Maltrattamenti in famiglia, 60enne finisce in manette

Dovrà rispondere del reato di maltrattamenti in famiglia e lesioni personali aggravate un uomo di 60 anni, in quanto resosi responsabile di aver maltrattato e aggredito la propria compagna. In particolare, a seguito della richiesta di aiuto di una donna, i carabinieri della stazione di Ganzirri si sono recati nel luogo dove si stava consumando il reato. Appena giunti sul posto, i militari hanno trovato la donna che veniva medicata da personale del 118, in quanto si era sentita male a causa dell’aggressione subita.

Compresa la delicatezza e la pericolosità della situazione, i carabinieri hanno fermato e identificato l’aggressore che, quando sono sopraggiunti i militari, si trovava ancora nei pressi del luogo dove si era consumato il reato.
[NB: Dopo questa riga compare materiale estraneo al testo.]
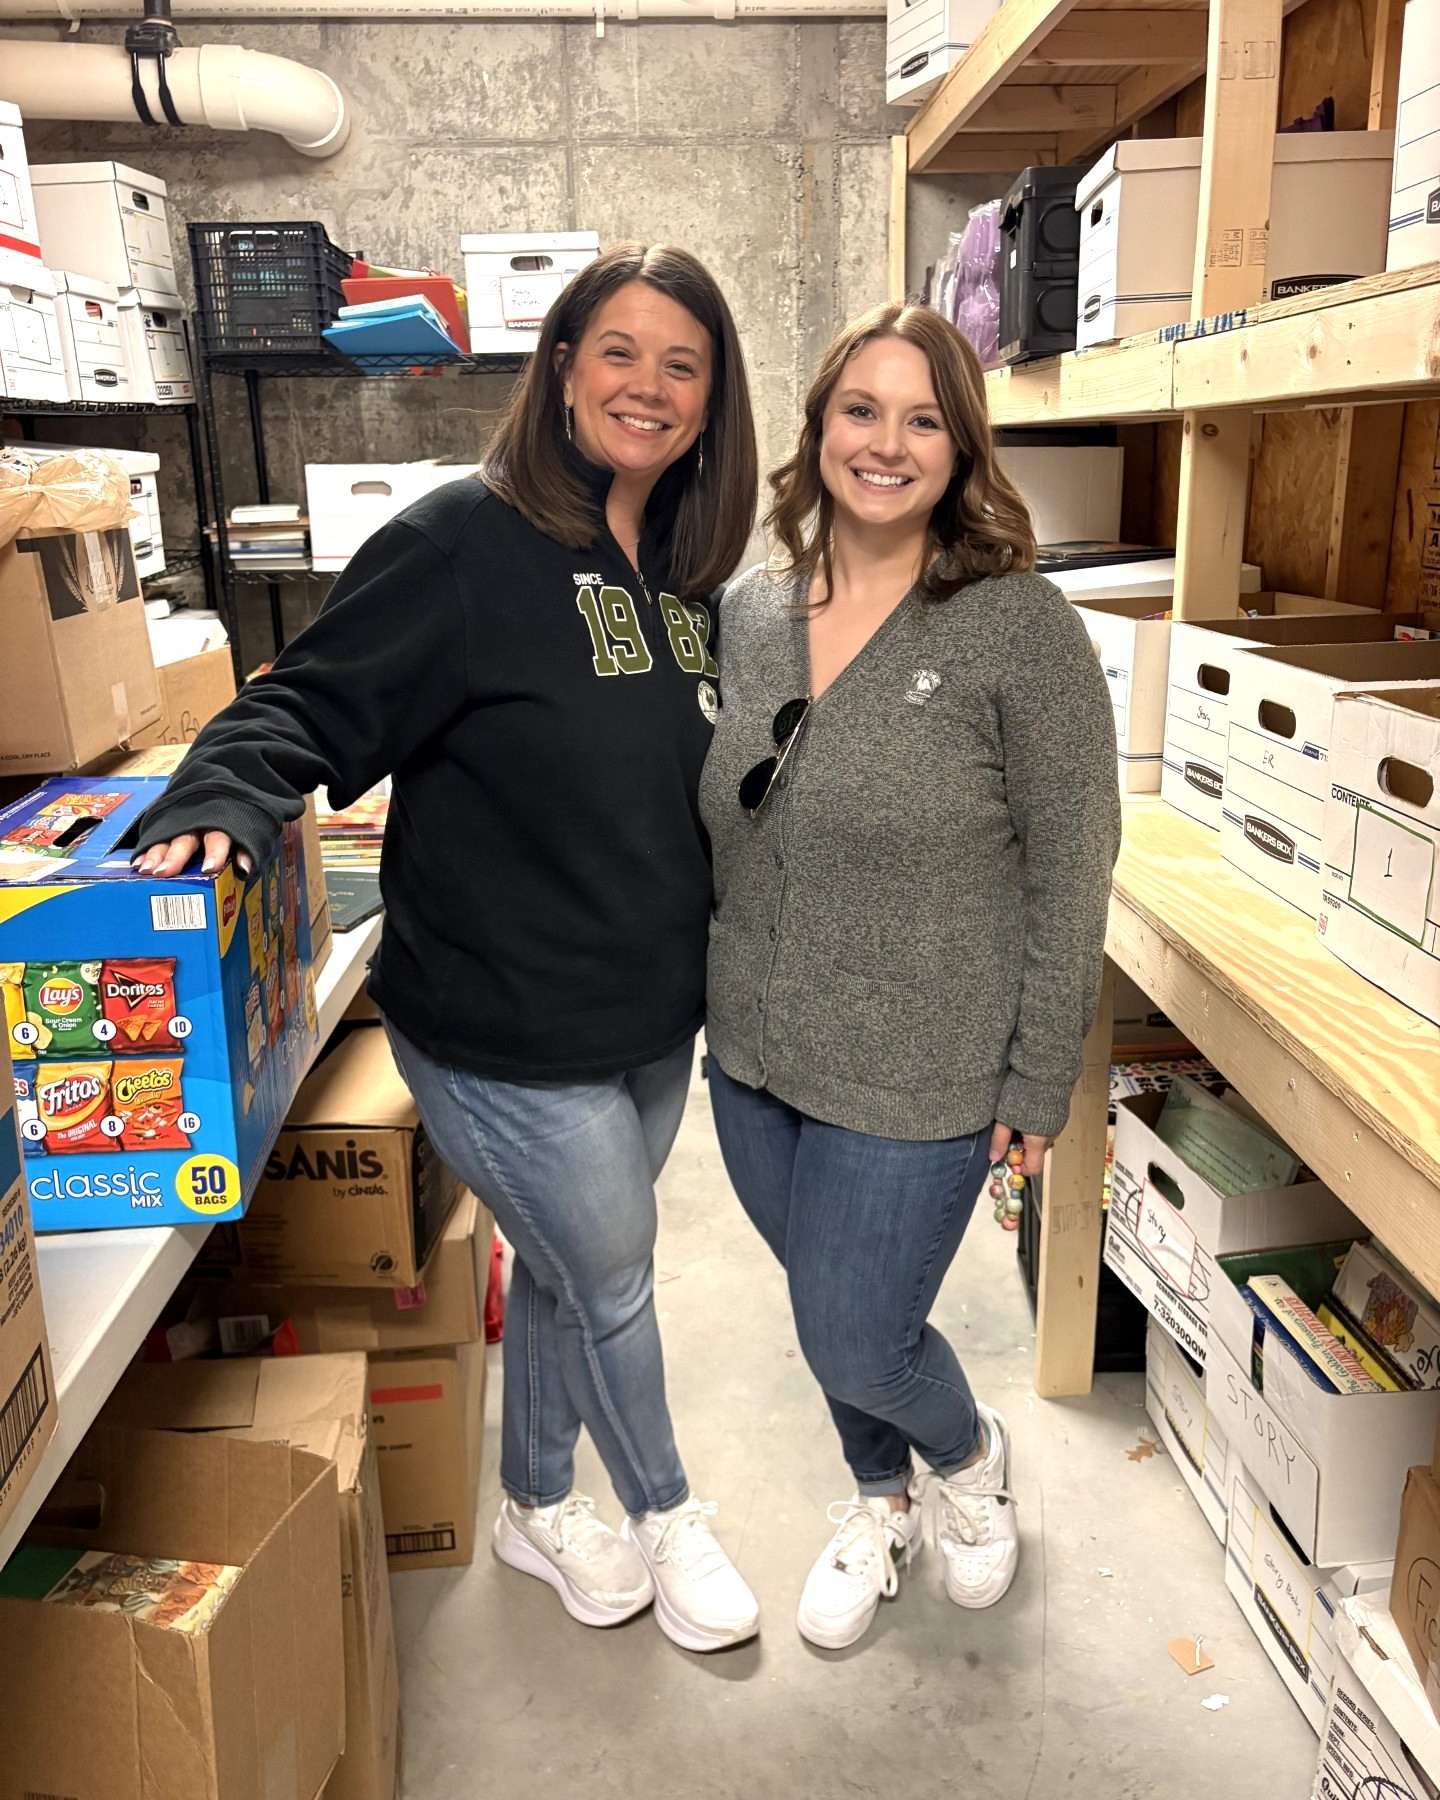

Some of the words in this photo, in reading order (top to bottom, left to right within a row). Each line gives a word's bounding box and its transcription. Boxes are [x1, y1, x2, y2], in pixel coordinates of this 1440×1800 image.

I militari intervenuti, grazie alle dichiarazioni della vittima, sono riusciti nell’immediatezza dei fatti a ricostruire l’intera vicenda vessatoria e per l’uomo sono scattate le manette. Al termine del giudizio di convalida dell’arresto, è stata applicata la misura cautelare della custodia in carcere.
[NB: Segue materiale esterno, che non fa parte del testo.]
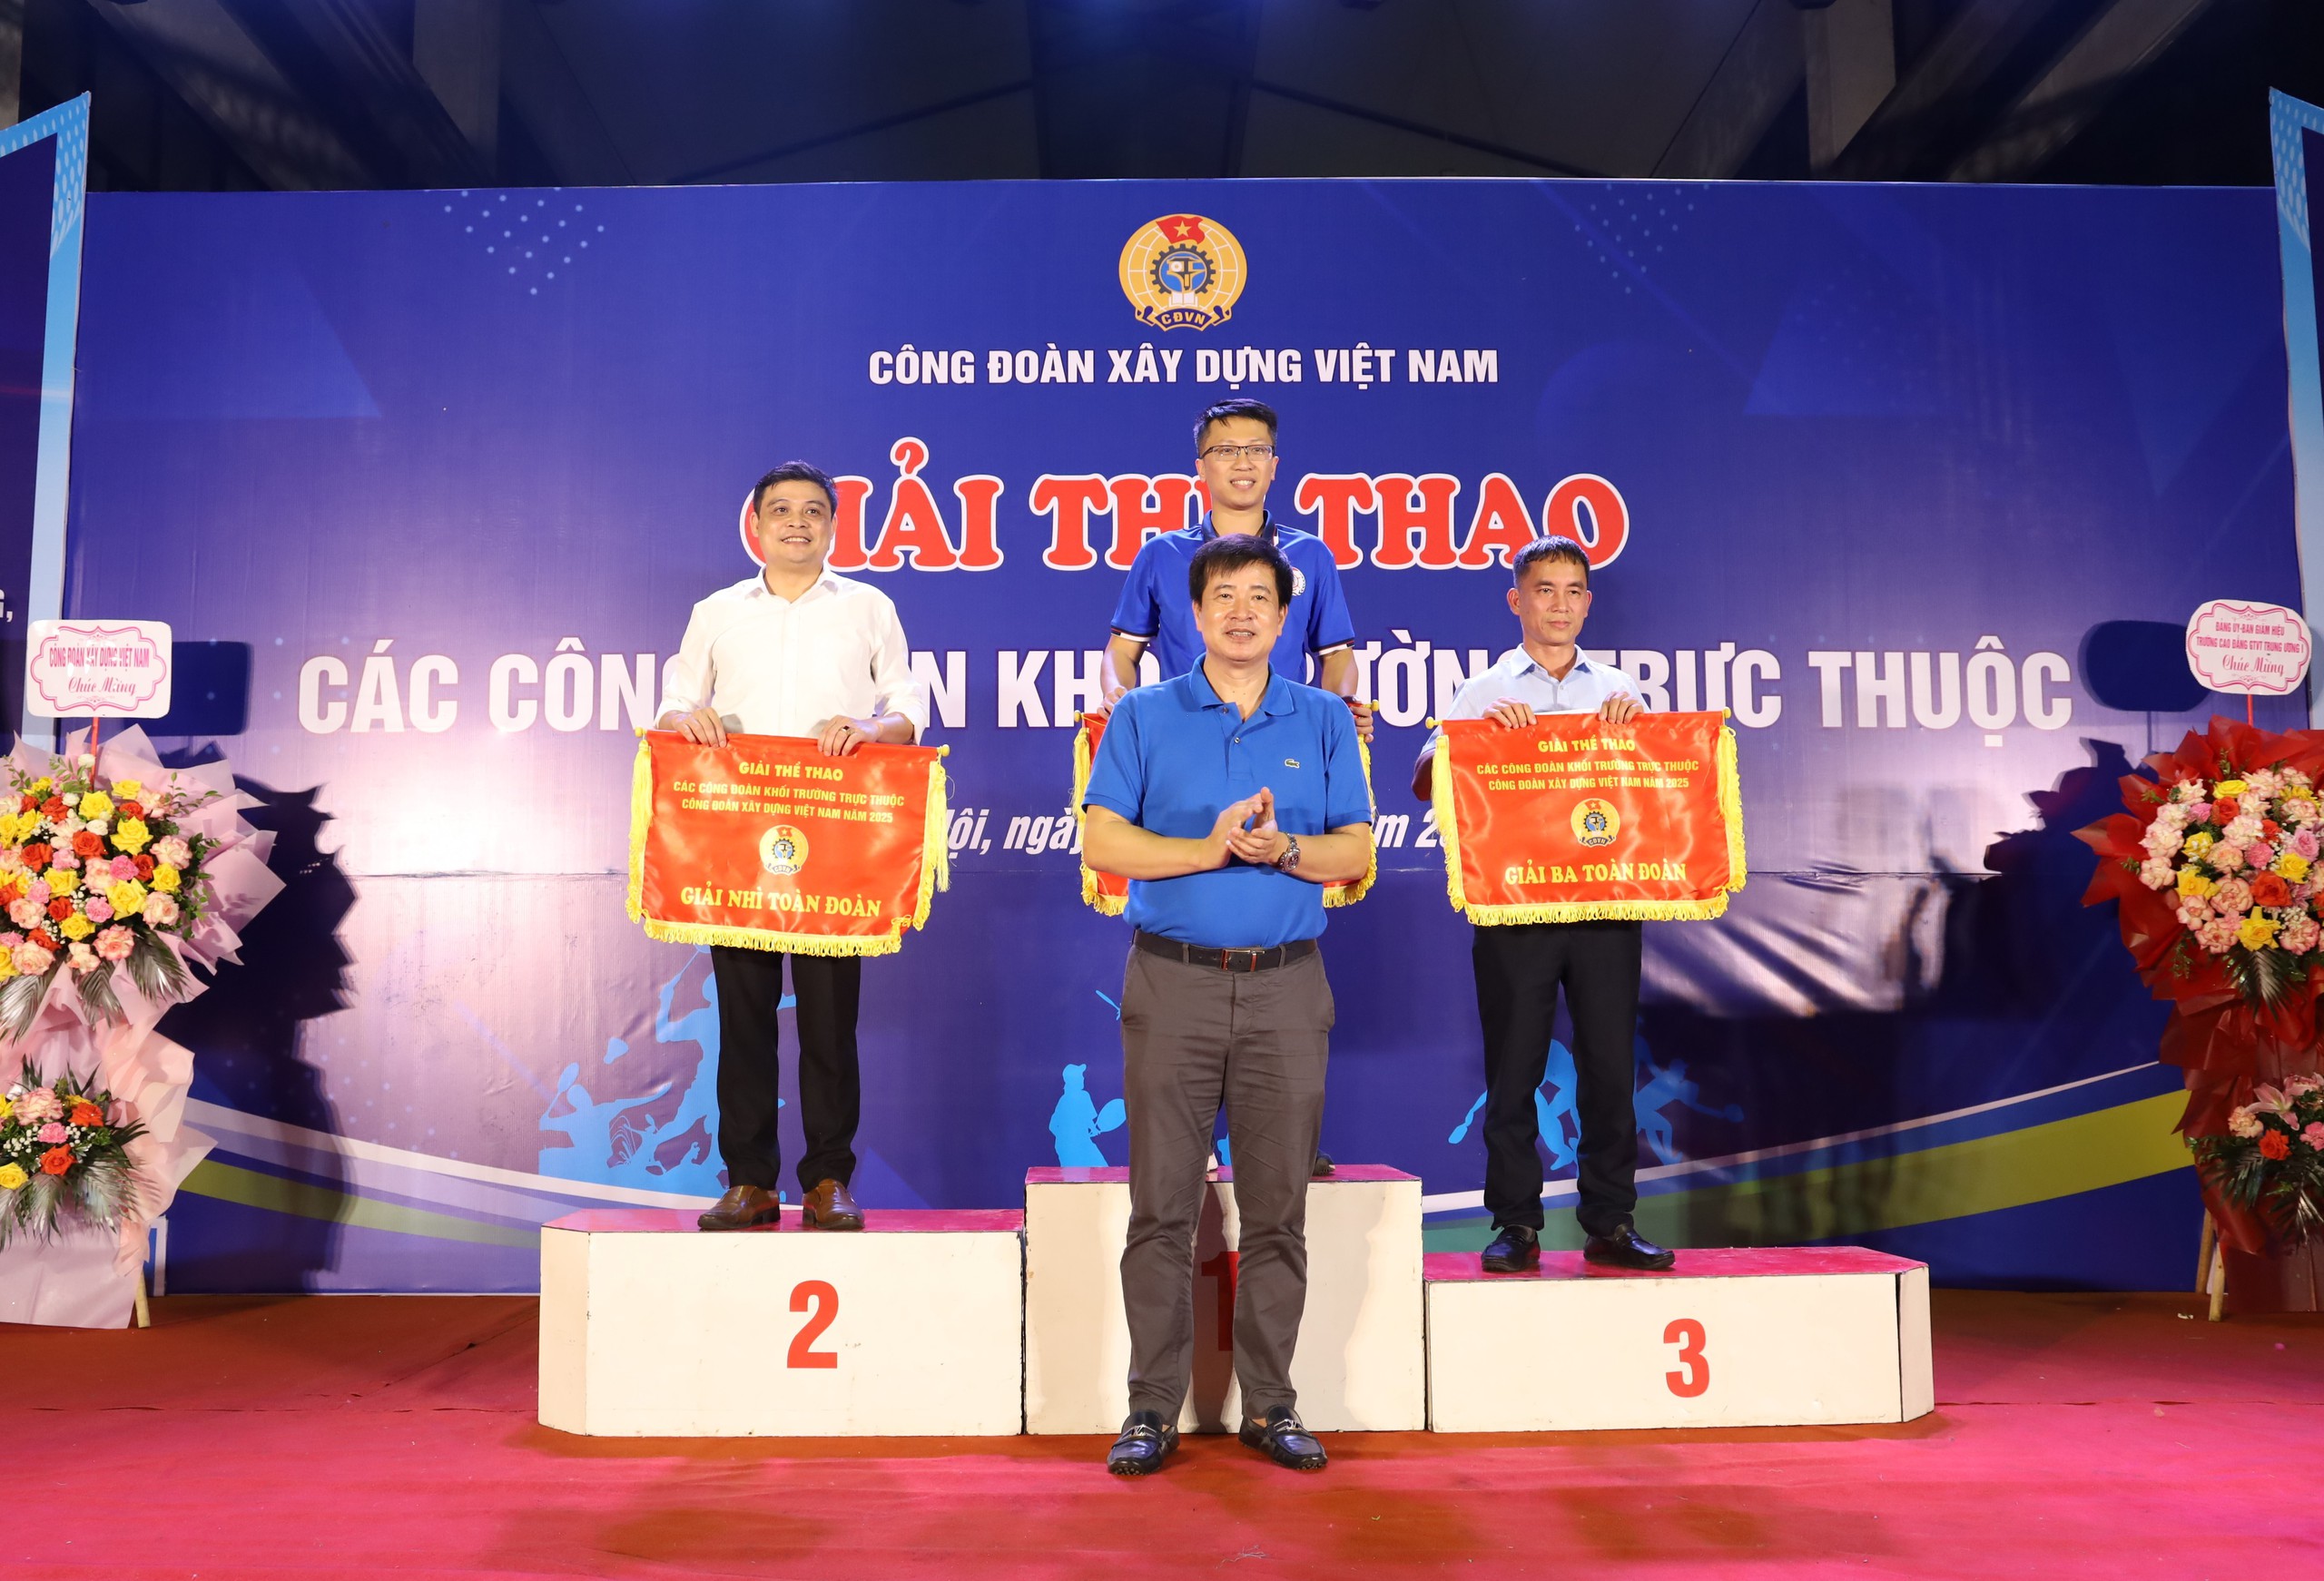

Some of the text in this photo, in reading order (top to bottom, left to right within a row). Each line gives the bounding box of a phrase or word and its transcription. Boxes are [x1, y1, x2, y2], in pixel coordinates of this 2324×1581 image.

[1161, 311, 1206, 325] CĐVN
[869, 342, 1498, 390] CÔNG ĐOÀN XÂY DỰNG VIỆT NAM
[1029, 473, 1210, 571] TH
[1295, 472, 1630, 571] THAO
[49, 643, 66, 667] CÔNG
[133, 647, 150, 667] NAM
[2220, 638, 2230, 648] CAO
[2250, 640, 2263, 651] GTVT
[2264, 641, 2282, 652] TRUNG
[2222, 654, 2249, 672] Chúc
[68, 677, 96, 692] Chúc
[298, 639, 458, 734] CÁC
[489, 637, 679, 732] CÔN
[1808, 635, 2072, 747] THUỘC
[1538, 734, 1635, 752] GIẢI THỂ THAO
[739, 761, 843, 781] GIẢI THỂ THAO
[1477, 757, 1699, 775] CÁC CÔNG ĐOÀN KHỐI TRƯỜNG TRỰC THUỘC
[1489, 773, 1689, 790] CÔNG ĐOÀN XÂY DỰNG VIỆT NAM NĂM 2025
[673, 781, 904, 808] CÁC CÔNG ĐOÀN KHỐI TRƯỜNG TRỰC THUỘC
[682, 798, 893, 823] CÔNG ĐOÀN XÂY DỰNG VIỆT NAM NĂM 2025
[947, 808, 991, 859] ội,
[1505, 859, 1687, 885] GIẢI BA TOÀN ĐOÀN
[681, 880, 881, 918] GIẢI NHÌ TOÀN ĐOÀN
[1201, 1251, 1240, 1350] 1
[787, 1280, 839, 1369] 2
[1663, 1318, 1709, 1398] 3
La prontezza della risposta della Polizia Giudiziaria nei casi di vittime di maltrattamenti in famiglia, atti persecutori e violenze di genere è conseguente alla specifica preparazione professionale e sensibilità degli operanti nell’affrontare tali reati, per i quali è altissima l’attenzione e la sensibilità della Procura della Repubblica di Messina che ha stabilito precise modalità operative per giungere, quanto più rapidamente possibile, a tutelare le vittime vulnerabili. In tale contesto è però fondamentale la denuncia da parte delle vittime di tali reati così da consentire all’autorità giudiziaria e alla Polizia Giudiziaria di poter prontamente intervenire a loro tutela.